Exercise brief => Extract the data exactly, missing nothing.

___ Given records

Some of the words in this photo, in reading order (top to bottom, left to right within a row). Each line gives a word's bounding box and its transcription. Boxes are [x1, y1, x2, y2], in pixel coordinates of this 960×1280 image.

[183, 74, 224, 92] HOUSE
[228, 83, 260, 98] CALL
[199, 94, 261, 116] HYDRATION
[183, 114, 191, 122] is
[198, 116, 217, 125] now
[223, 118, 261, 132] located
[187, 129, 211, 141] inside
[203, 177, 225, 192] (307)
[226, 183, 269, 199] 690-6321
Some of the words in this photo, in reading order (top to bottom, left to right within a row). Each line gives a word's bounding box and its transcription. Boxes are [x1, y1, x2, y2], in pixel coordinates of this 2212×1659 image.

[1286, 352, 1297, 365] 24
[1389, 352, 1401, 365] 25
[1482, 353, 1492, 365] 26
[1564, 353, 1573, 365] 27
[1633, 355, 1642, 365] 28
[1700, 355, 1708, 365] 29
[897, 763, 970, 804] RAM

______

Solution below =>
Some of the words in this photo, in reading order (top to bottom, left to right within a row). Each line gives a word's bounding box and its transcription. Boxes are [x1, y1, x2, y2], in pixel coordinates of this 960×1280 image.

[183, 74, 224, 92] HOUSE
[228, 83, 260, 98] CALL
[199, 94, 261, 116] HYDRATION
[183, 114, 191, 122] is
[198, 116, 217, 125] now
[223, 118, 261, 132] located
[187, 129, 211, 141] inside
[203, 177, 225, 192] (307)
[226, 183, 269, 199] 690-6321
Some of the words in this photo, in reading order (top to bottom, left to right within a row). Each line gives a word's bounding box and its transcription. Boxes are [x1, y1, x2, y2], in pixel coordinates of this 2212×1659 image.

[1286, 352, 1297, 365] 24
[1389, 352, 1401, 365] 25
[1482, 353, 1492, 365] 26
[1564, 353, 1573, 365] 27
[1633, 355, 1642, 365] 28
[1700, 355, 1708, 365] 29
[897, 763, 970, 804] RAM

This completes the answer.